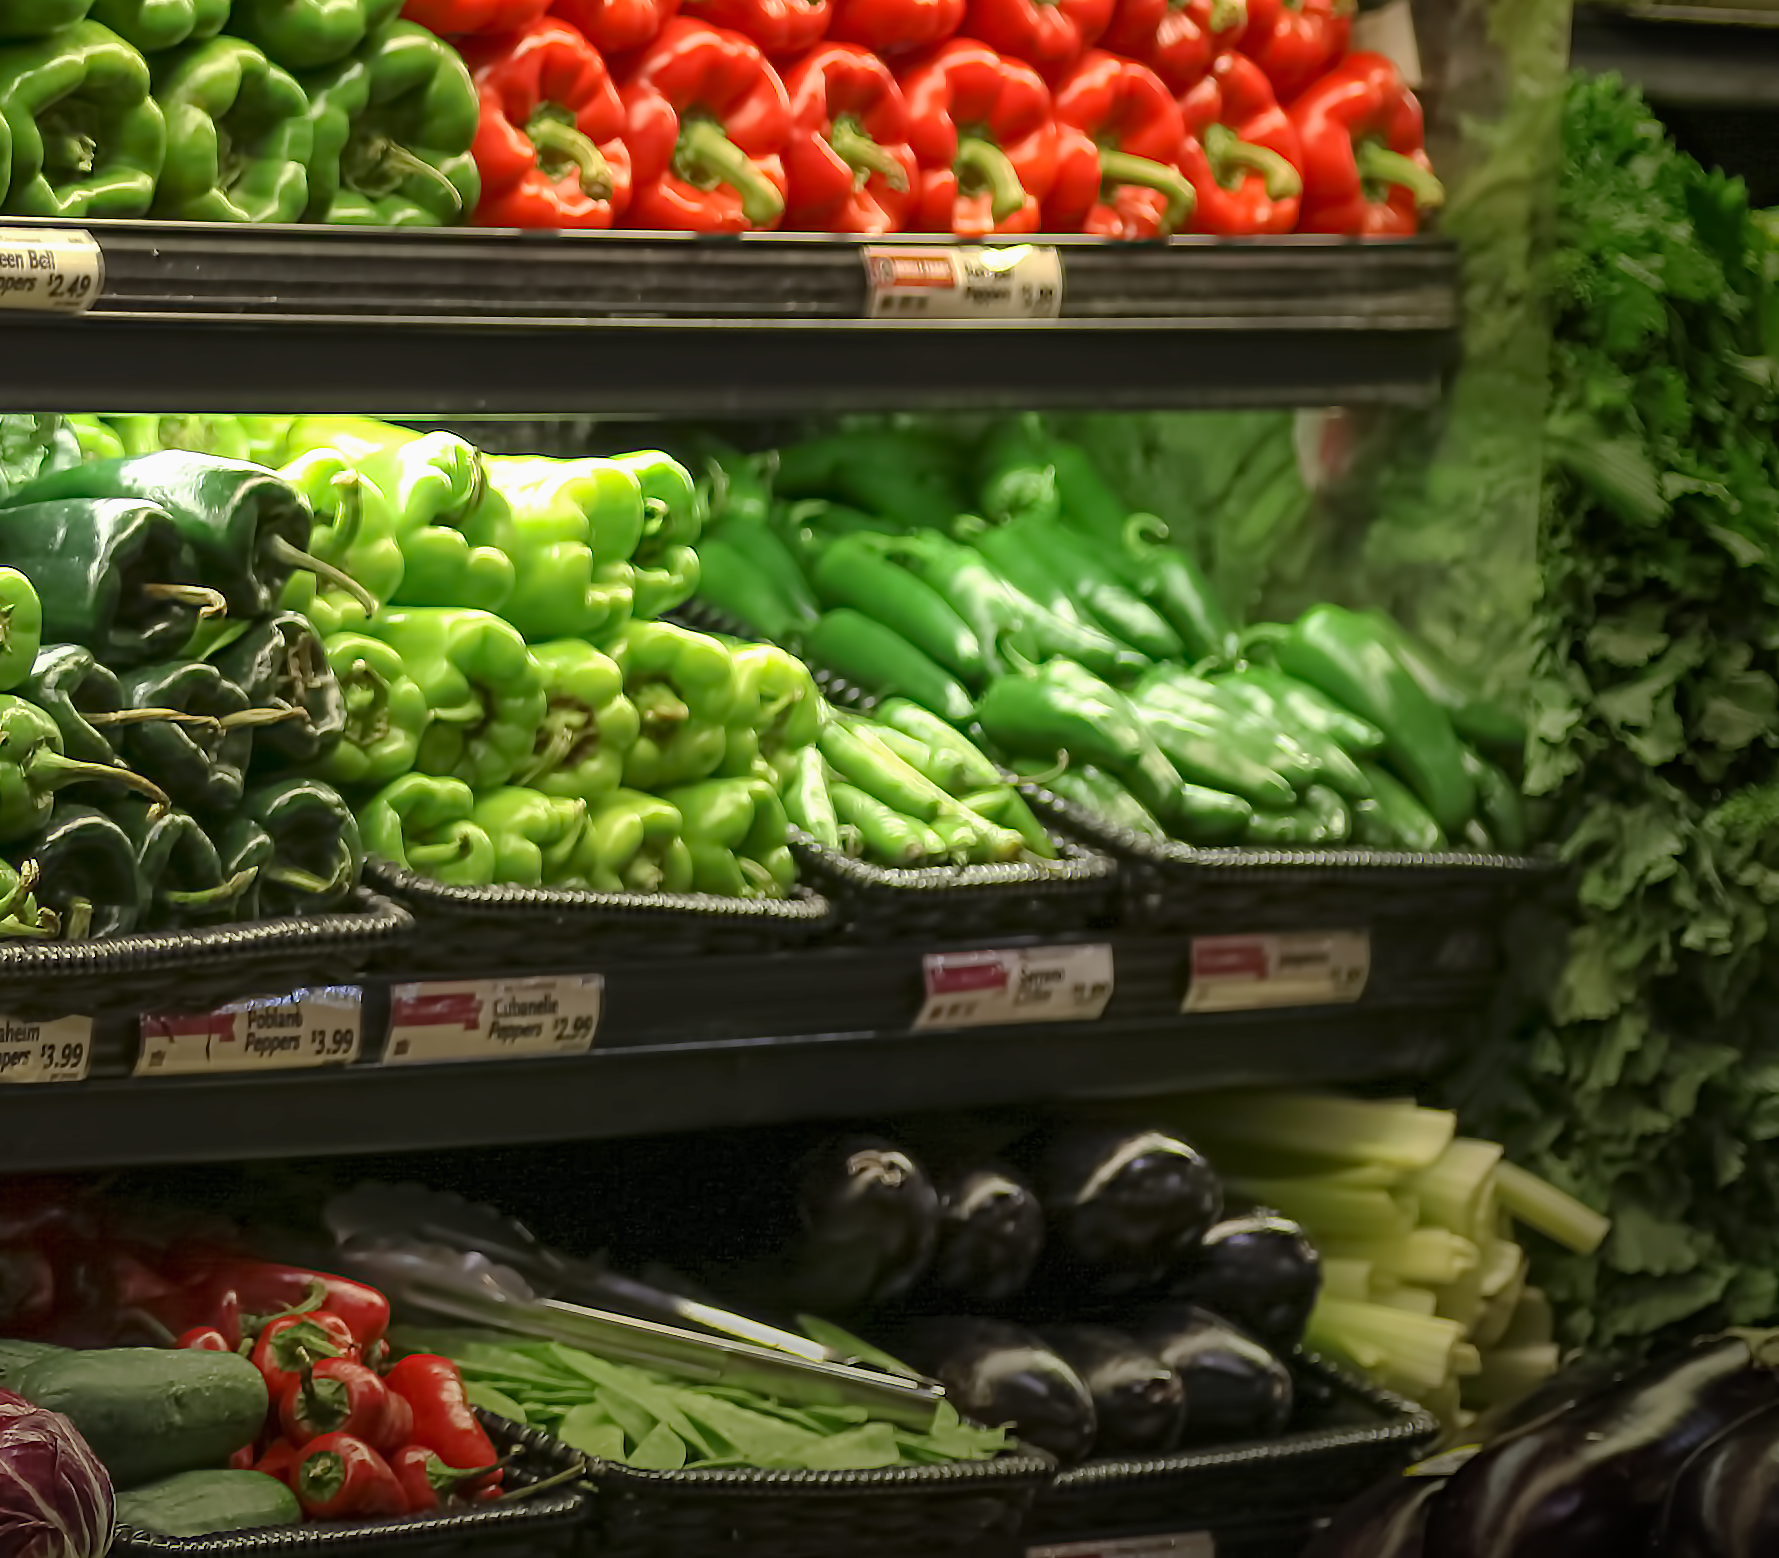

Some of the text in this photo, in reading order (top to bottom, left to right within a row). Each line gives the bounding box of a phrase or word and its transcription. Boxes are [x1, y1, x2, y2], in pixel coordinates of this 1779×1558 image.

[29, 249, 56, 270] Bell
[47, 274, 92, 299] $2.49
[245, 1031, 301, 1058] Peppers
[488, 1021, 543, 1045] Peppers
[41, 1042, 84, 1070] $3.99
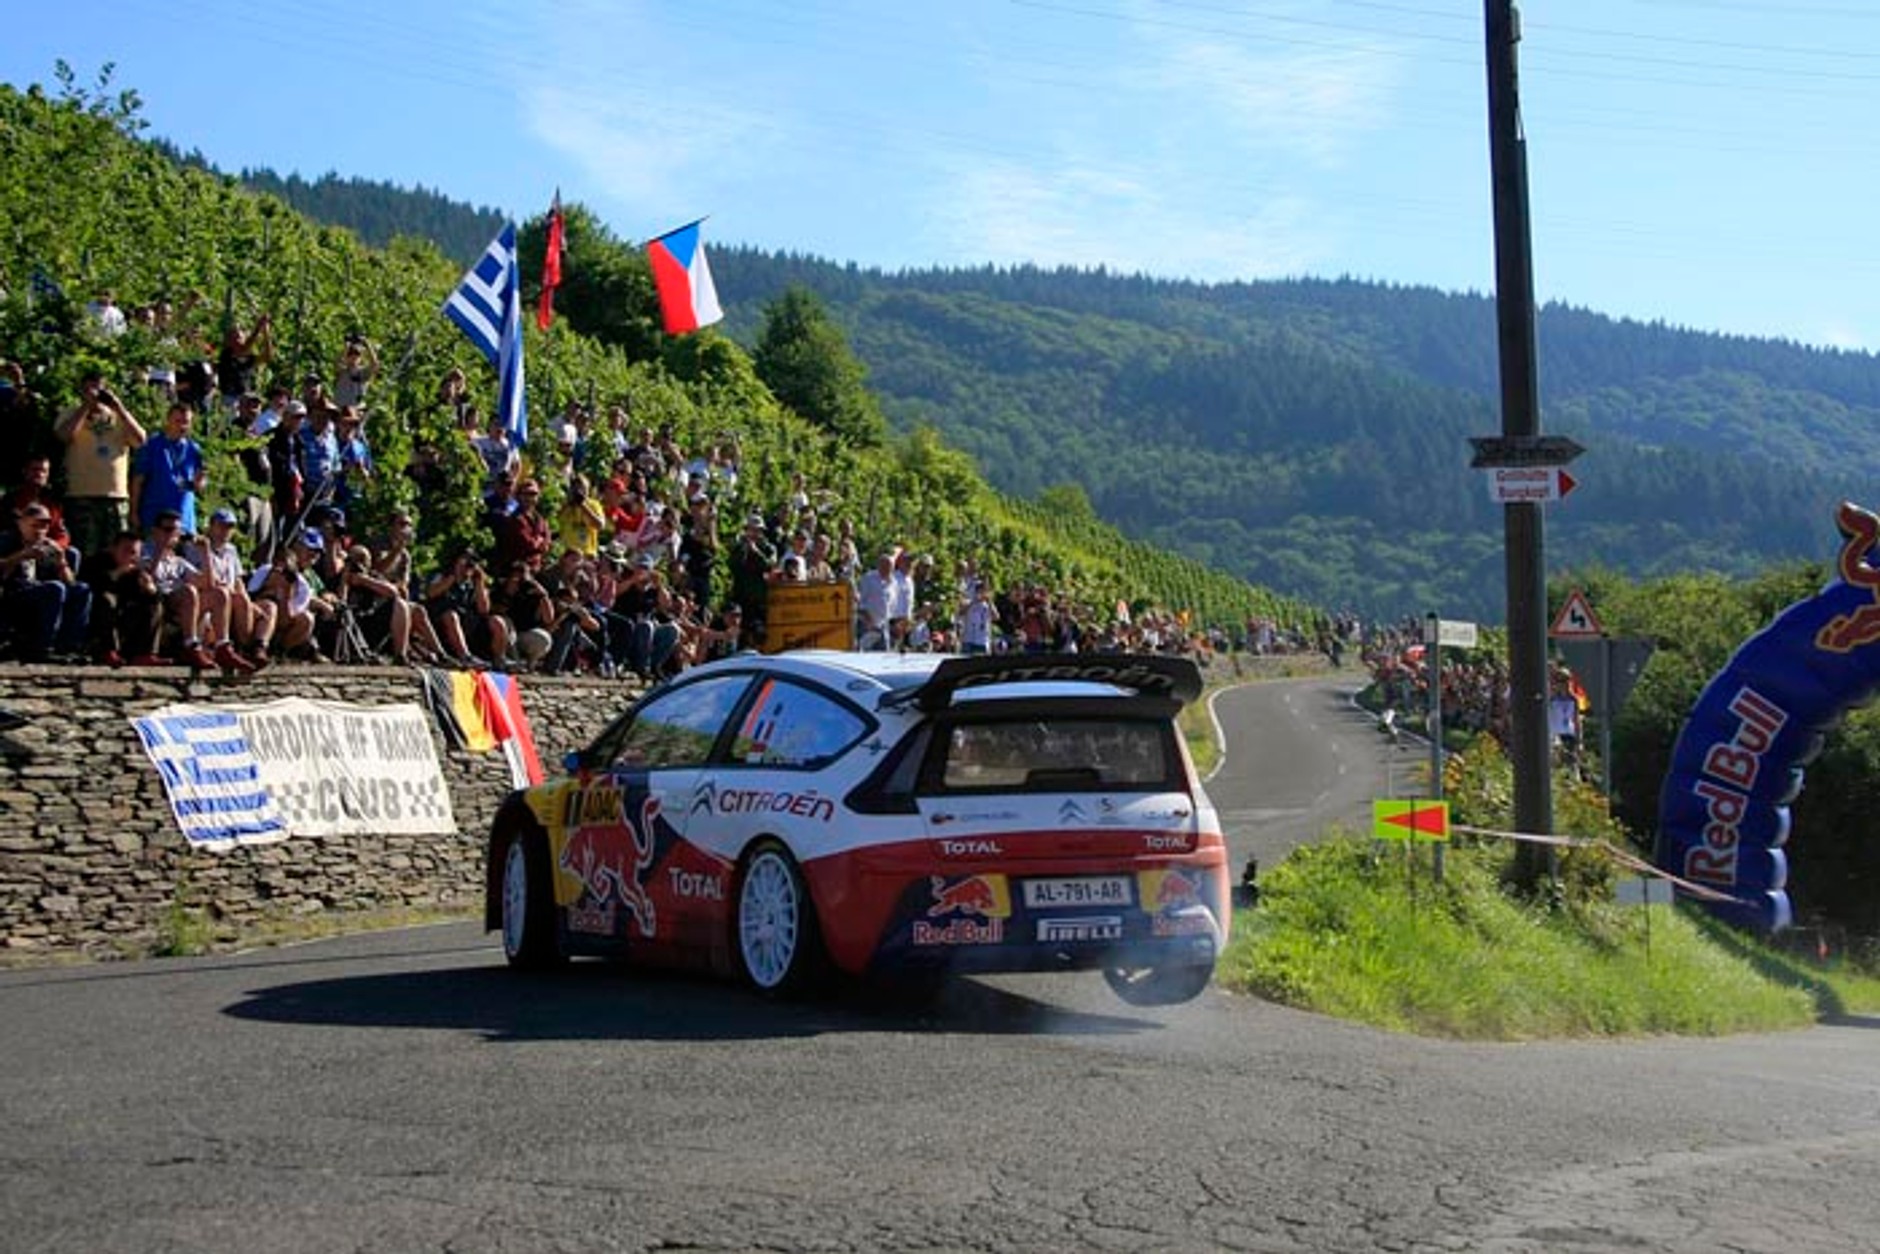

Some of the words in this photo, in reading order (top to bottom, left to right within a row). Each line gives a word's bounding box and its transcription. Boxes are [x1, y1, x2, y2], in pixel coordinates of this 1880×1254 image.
========================
* **Exercise goal**:
Each line of the data above is to be output exactly; the pictures are not to appear.

* **Answer space**:
Some of the text in this photo, in reading order (top to bottom, left to right within a row). Each line gives the bounding box of a phrase or word and its transcription. Boxes are [x1, y1, x2, y2], in pixel coordinates of this 1779×1558 image.

[29, 249, 56, 270] Bell
[47, 274, 92, 299] $2.49
[245, 1031, 301, 1058] Peppers
[488, 1021, 543, 1045] Peppers
[41, 1042, 84, 1070] $3.99

Some of the words in this photo, in reading order (top to bottom, left to right within a row). Each line gives a word's bounding box and its transcription. Boxes are [x1, y1, x2, y2], in pixel coordinates of this 1880×1254 image.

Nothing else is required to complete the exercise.